Data for the task>
══════
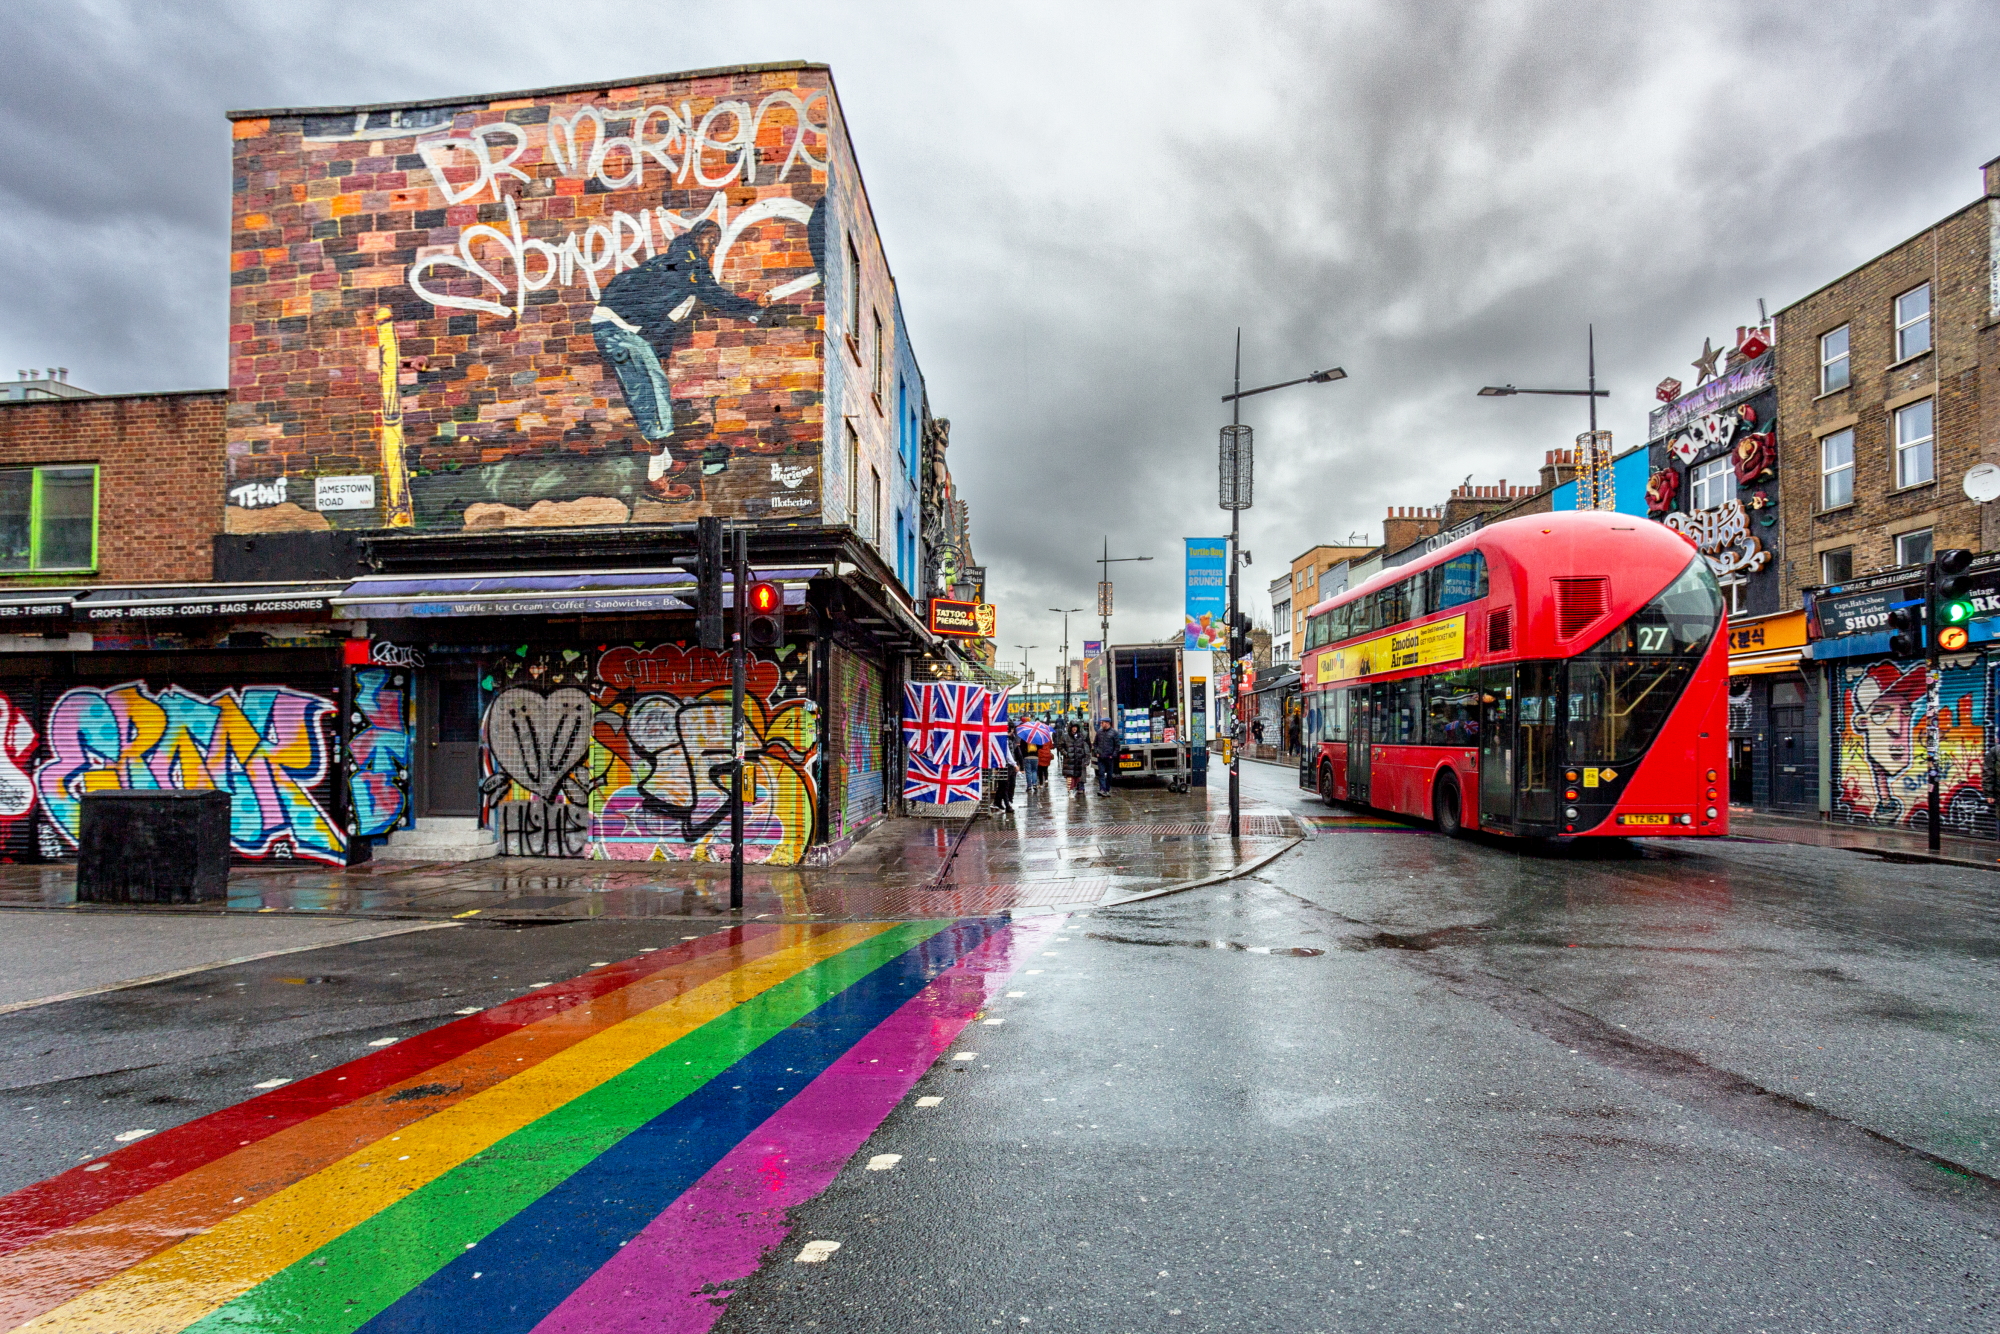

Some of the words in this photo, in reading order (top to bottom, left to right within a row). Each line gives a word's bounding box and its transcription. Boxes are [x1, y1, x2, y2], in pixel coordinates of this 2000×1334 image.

[1706, 379, 1726, 401] The
[318, 484, 372, 494] JAMESTOWN
[318, 497, 344, 507] ROAD
[1189, 547, 1209, 556] Turtle
[1210, 547, 1224, 558] Bay
[1969, 556, 1991, 566] SSES
[1188, 576, 1223, 586] BRUNCH!
[1871, 576, 1887, 586] BAGS
[1893, 570, 1921, 583] LUGGAGE
[1969, 587, 1995, 597] intage
[89, 608, 123, 618] CROPS
[130, 606, 174, 617] DRESSES
[180, 604, 213, 615] COATS
[220, 603, 248, 613] BAGS
[254, 599, 323, 612] ACCESSORIES
[455, 604, 486, 613] Waffle
[495, 603, 510, 612] Ice
[512, 602, 543, 612] Cream
[552, 601, 585, 610] Coffee
[594, 598, 653, 608] Sandwiches
[1970, 594, 2000, 613] RK
[32, 605, 63, 615] SHIRTS
[936, 609, 967, 618] TATTOO
[968, 611, 975, 620] &
[1838, 609, 1855, 618] Jeans
[1860, 604, 1885, 616] Leather
[936, 617, 974, 626] PIERCING
[1845, 611, 1891, 630] SHOP
[1436, 633, 1448, 642] TICKET
[1640, 627, 1669, 650] 27
[1391, 634, 1420, 653] Emotion
[1391, 653, 1402, 668] Air
[1628, 815, 1645, 823] LTZ
[1646, 815, 1665, 823] 1624
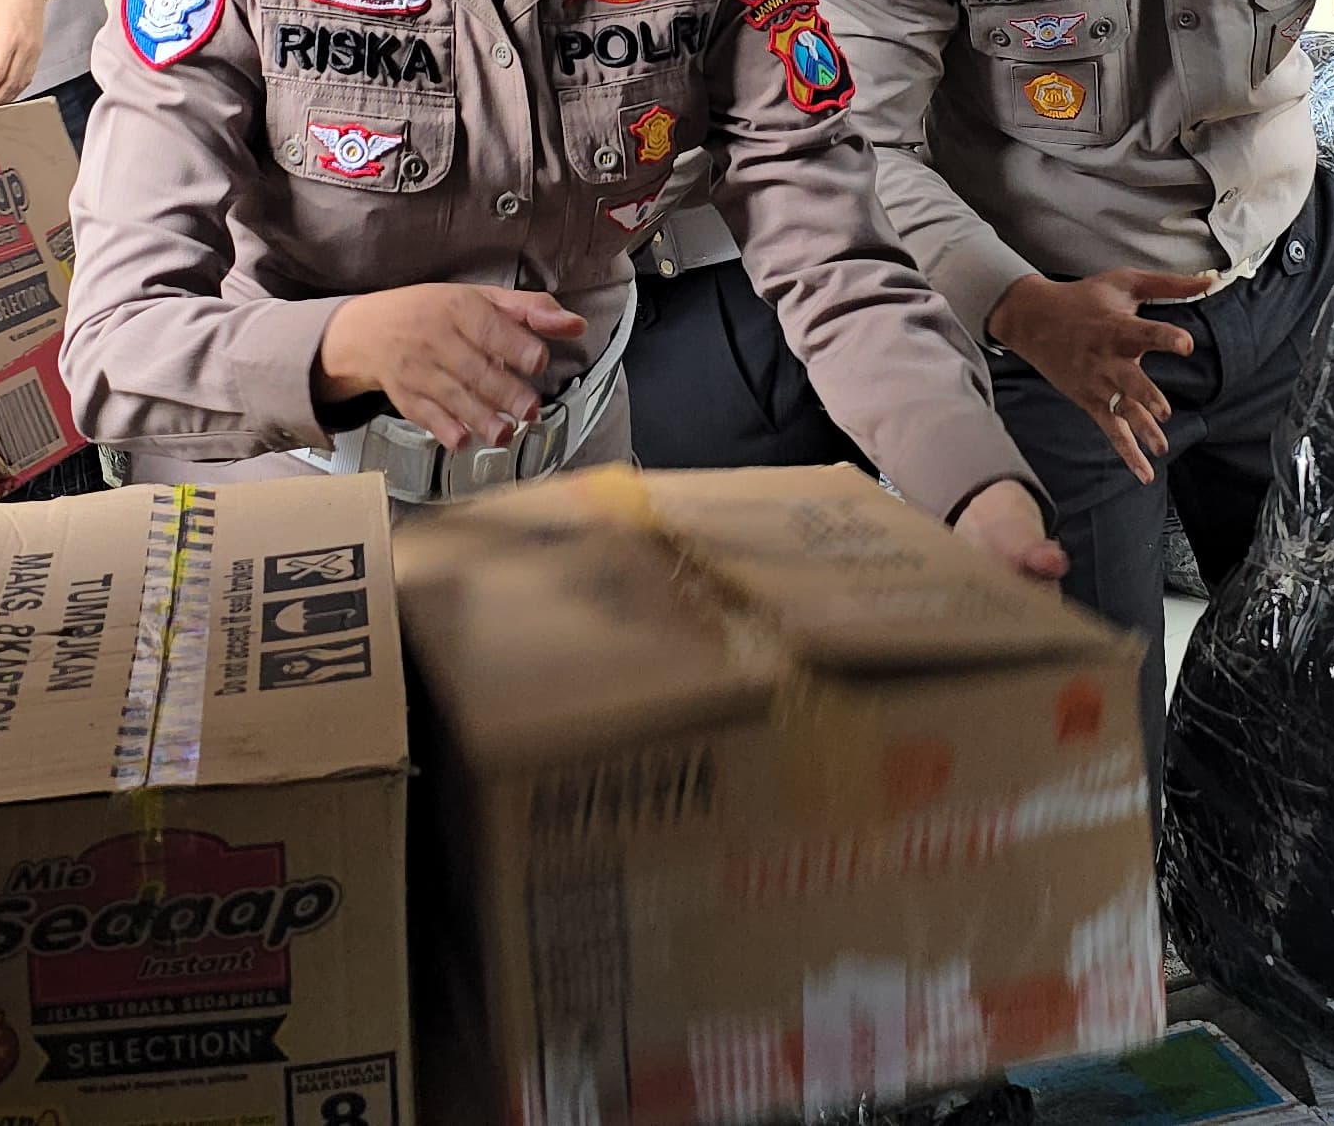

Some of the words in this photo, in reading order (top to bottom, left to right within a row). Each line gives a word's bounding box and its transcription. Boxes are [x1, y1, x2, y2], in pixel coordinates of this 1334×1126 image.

[275, 24, 443, 84] RISKA
[9, 855, 96, 893] Mie
[137, 949, 254, 980] Instant
[321, 1093, 370, 1126] 8
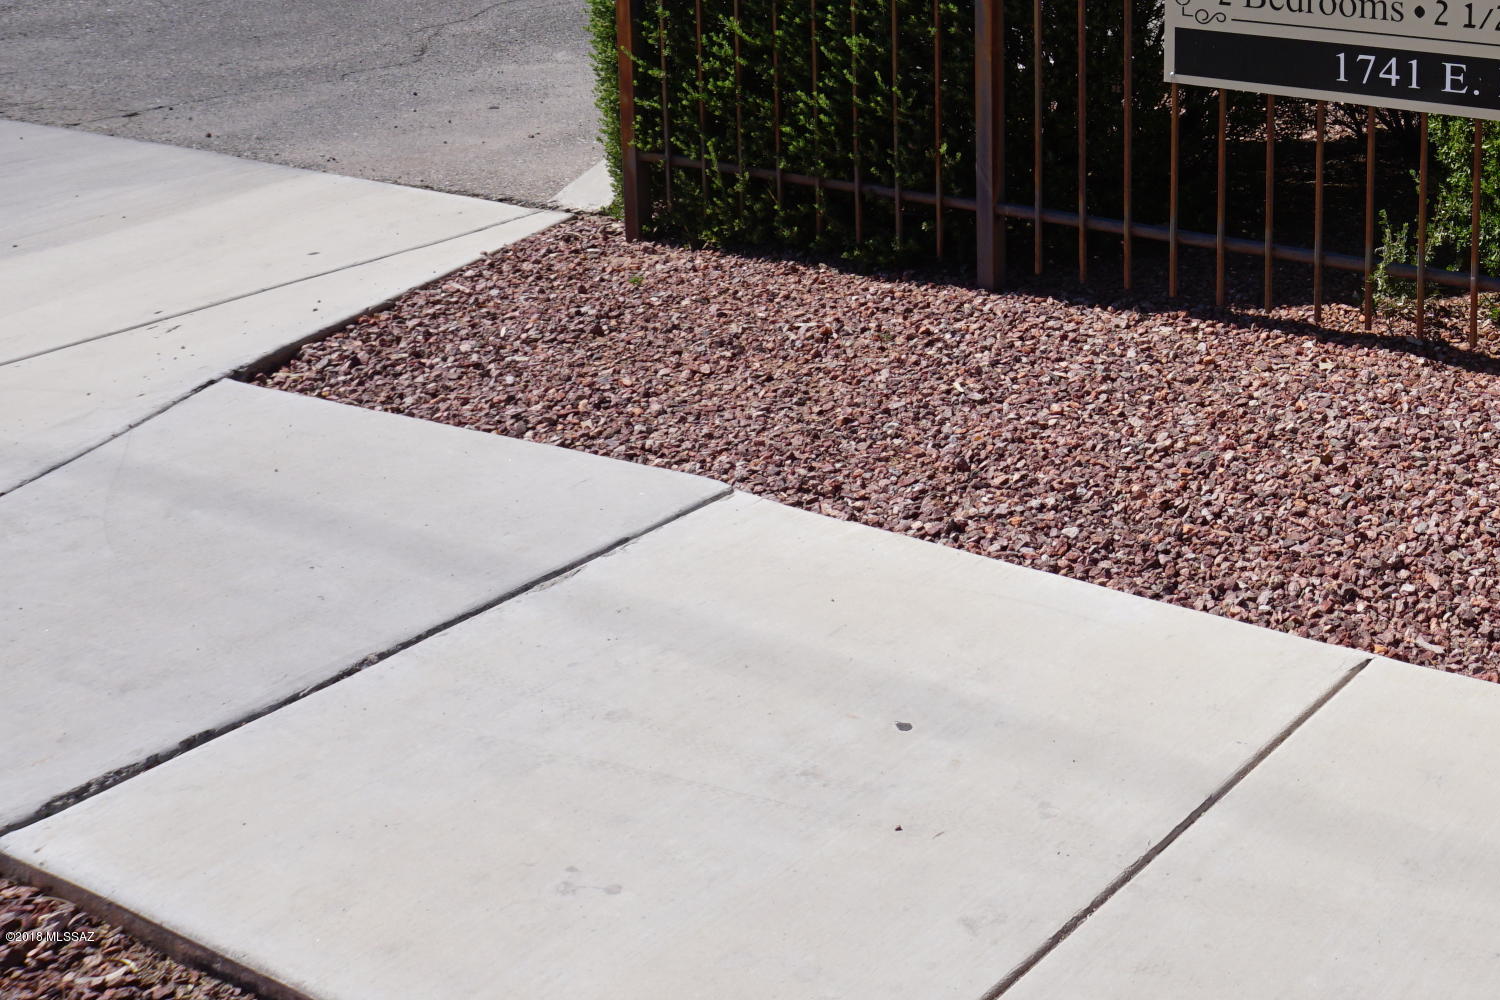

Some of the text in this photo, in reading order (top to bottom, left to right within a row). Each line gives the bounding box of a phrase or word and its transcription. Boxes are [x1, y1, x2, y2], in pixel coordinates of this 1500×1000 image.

[1434, 0, 1448, 26] 2
[1335, 52, 1422, 89] 1741
[1441, 62, 1481, 96] E.
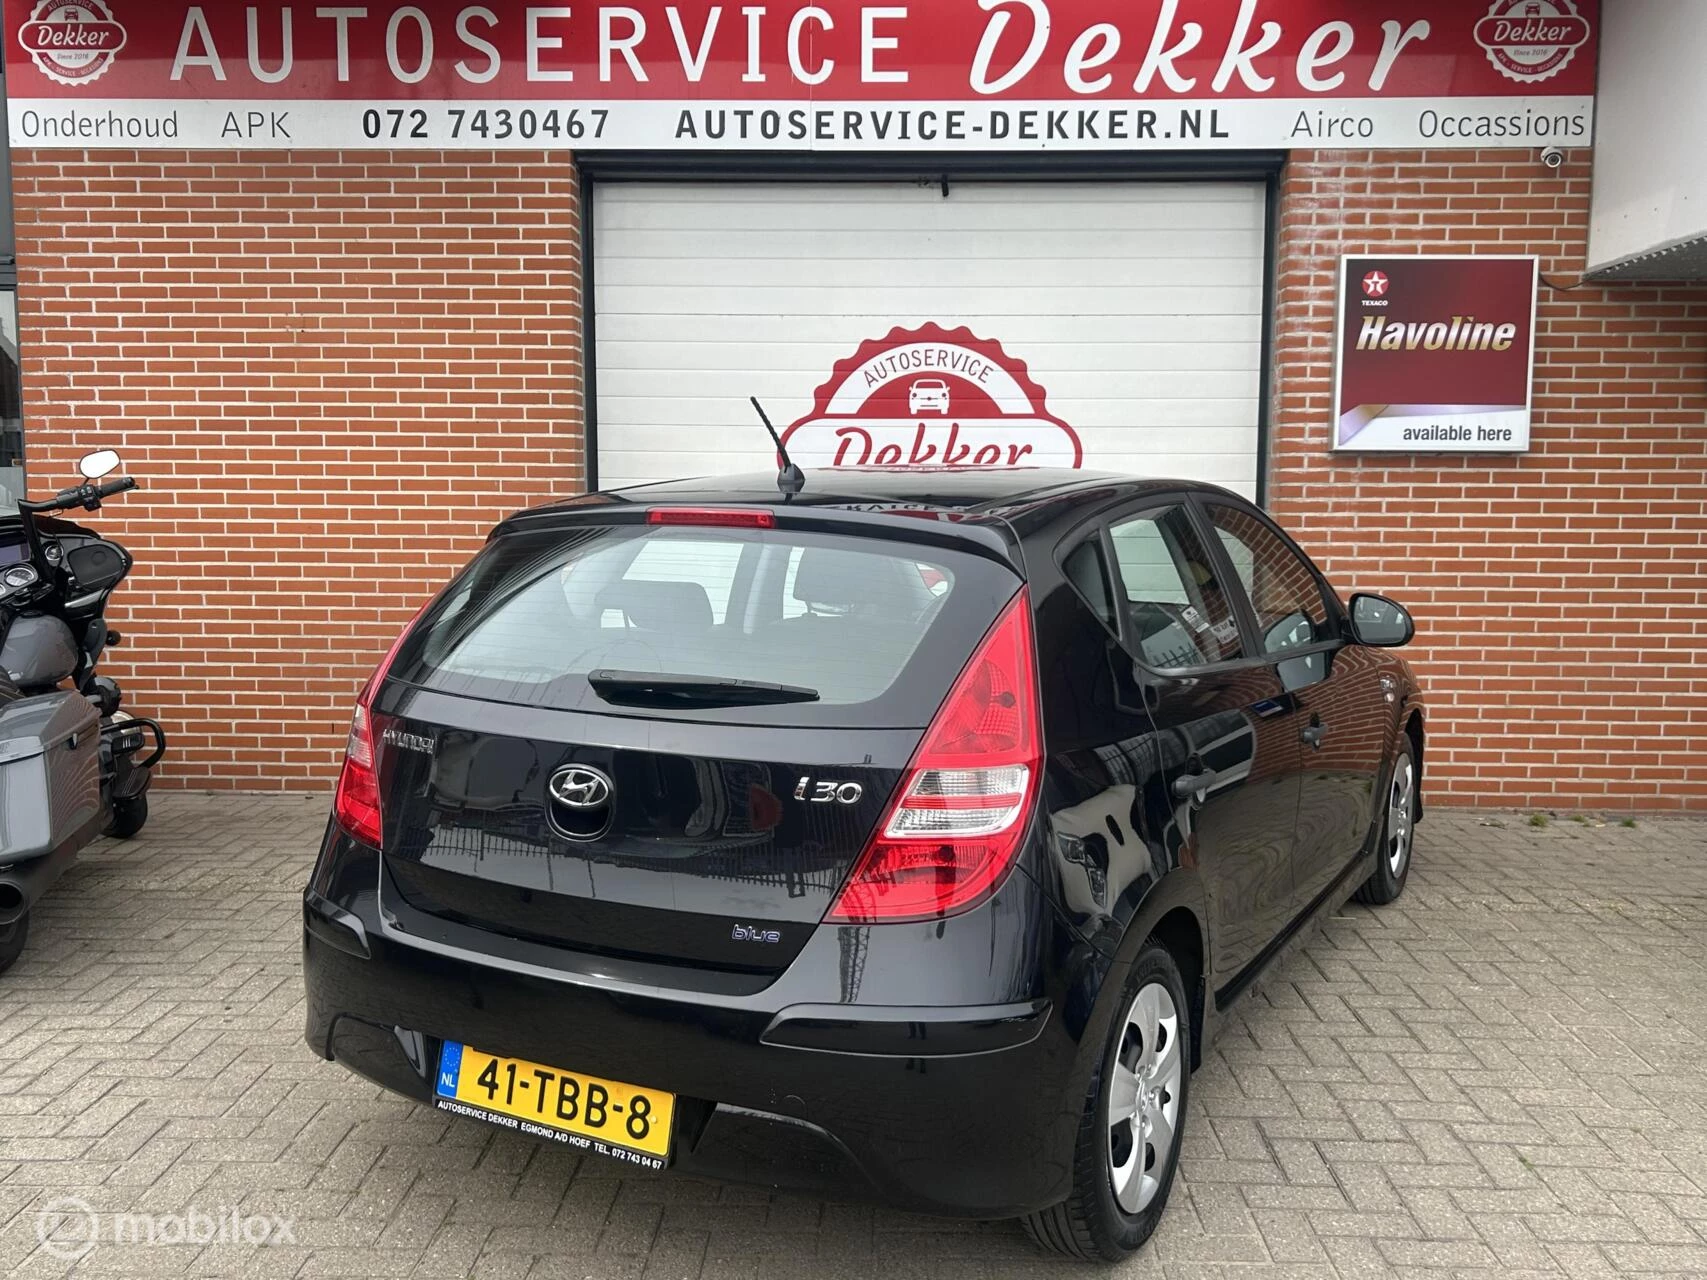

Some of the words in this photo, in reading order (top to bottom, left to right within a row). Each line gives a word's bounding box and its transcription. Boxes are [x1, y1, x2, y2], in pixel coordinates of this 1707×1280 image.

[38, 24, 109, 46] Dekker
[1493, 18, 1572, 42] Dekker
[170, 7, 909, 84] AUTOSERVICE
[970, 0, 1430, 94] Dekker
[21, 110, 178, 138] Onderhoud
[221, 111, 291, 138] APK
[362, 109, 428, 138] 072
[448, 109, 609, 138] 7430467
[676, 110, 1229, 139] AUTOSERVICE-DEKKER.NL
[1291, 110, 1374, 138] Airco
[1419, 110, 1585, 138] Occassions
[1356, 315, 1517, 351] Havoline
[863, 348, 994, 388] AUTOSERVICE
[1403, 426, 1472, 441] available
[1477, 426, 1512, 441] here
[382, 729, 435, 753] HYUNDAI
[732, 924, 781, 944] blue
[440, 1071, 456, 1089] NL
[477, 1058, 652, 1140] 41-TBB-8
[438, 1100, 487, 1121] AUTOSERVICE
[488, 1113, 518, 1129] DEKKER
[520, 1122, 554, 1139] EGMOND
[554, 1131, 568, 1142] A/D
[569, 1136, 591, 1149] HOEF
[594, 1142, 610, 1155] TEL.
[612, 1147, 625, 1159] 072
[627, 1152, 640, 1164] 743
[641, 1157, 651, 1167] 04
[652, 1160, 662, 1170] 67
══════
Copy all entries exactly; skip pictures.

Some of the words in this photo, in reading order (top to bottom, left to right within a row). Each line gives a word's bounding box and its transcription. Boxes are [x1, y1, x2, y2], in pixel coordinates of this 2000×1334 image.

[1706, 379, 1726, 401] The
[318, 484, 372, 494] JAMESTOWN
[318, 497, 344, 507] ROAD
[1189, 547, 1209, 556] Turtle
[1210, 547, 1224, 558] Bay
[1969, 556, 1991, 566] SSES
[1188, 576, 1223, 586] BRUNCH!
[1871, 576, 1887, 586] BAGS
[1893, 570, 1921, 583] LUGGAGE
[1969, 587, 1995, 597] intage
[89, 608, 123, 618] CROPS
[130, 606, 174, 617] DRESSES
[180, 604, 213, 615] COATS
[220, 603, 248, 613] BAGS
[254, 599, 323, 612] ACCESSORIES
[455, 604, 486, 613] Waffle
[495, 603, 510, 612] Ice
[512, 602, 543, 612] Cream
[552, 601, 585, 610] Coffee
[594, 598, 653, 608] Sandwiches
[1970, 594, 2000, 613] RK
[32, 605, 63, 615] SHIRTS
[936, 609, 967, 618] TATTOO
[968, 611, 975, 620] &
[1838, 609, 1855, 618] Jeans
[1860, 604, 1885, 616] Leather
[936, 617, 974, 626] PIERCING
[1845, 611, 1891, 630] SHOP
[1436, 633, 1448, 642] TICKET
[1640, 627, 1669, 650] 27
[1391, 634, 1420, 653] Emotion
[1391, 653, 1402, 668] Air
[1628, 815, 1645, 823] LTZ
[1646, 815, 1665, 823] 1624

Some of the words in this photo, in reading order (top to bottom, left to right within a row). Each line gives a word's bounding box and its transcription. Boxes are [x1, y1, x2, y2], in pixel coordinates of this 1334×1126 image.

[275, 24, 443, 84] RISKA
[9, 855, 96, 893] Mie
[137, 949, 254, 980] Instant
[321, 1093, 370, 1126] 8

Some of the text in this photo, in reading order (top to bottom, left to right within a row). Each line gives the bounding box of a phrase or word and its transcription. Boxes are [x1, y1, x2, y2], in pixel coordinates of this 1500×1000 image.

[1434, 0, 1448, 26] 2
[1335, 52, 1422, 89] 1741
[1441, 62, 1481, 96] E.

Some of the words in this photo, in reading order (top to bottom, left to right within a row). Each line gives a word's bounding box and its transcription. Boxes are [x1, y1, x2, y2], in pixel coordinates of this 1707×1280 image.

[38, 24, 109, 46] Dekker
[1493, 18, 1572, 42] Dekker
[170, 7, 909, 84] AUTOSERVICE
[970, 0, 1430, 94] Dekker
[21, 110, 178, 138] Onderhoud
[221, 111, 291, 138] APK
[362, 109, 428, 138] 072
[448, 109, 609, 138] 7430467
[676, 110, 1229, 139] AUTOSERVICE-DEKKER.NL
[1291, 110, 1374, 138] Airco
[1419, 110, 1585, 138] Occassions
[1356, 315, 1517, 351] Havoline
[863, 348, 994, 388] AUTOSERVICE
[1403, 426, 1472, 441] available
[1477, 426, 1512, 441] here
[382, 729, 435, 753] HYUNDAI
[732, 924, 781, 944] blue
[440, 1071, 456, 1089] NL
[477, 1058, 652, 1140] 41-TBB-8
[438, 1100, 487, 1121] AUTOSERVICE
[488, 1113, 518, 1129] DEKKER
[520, 1122, 554, 1139] EGMOND
[554, 1131, 568, 1142] A/D
[569, 1136, 591, 1149] HOEF
[594, 1142, 610, 1155] TEL.
[612, 1147, 625, 1159] 072
[627, 1152, 640, 1164] 743
[641, 1157, 651, 1167] 04
[652, 1160, 662, 1170] 67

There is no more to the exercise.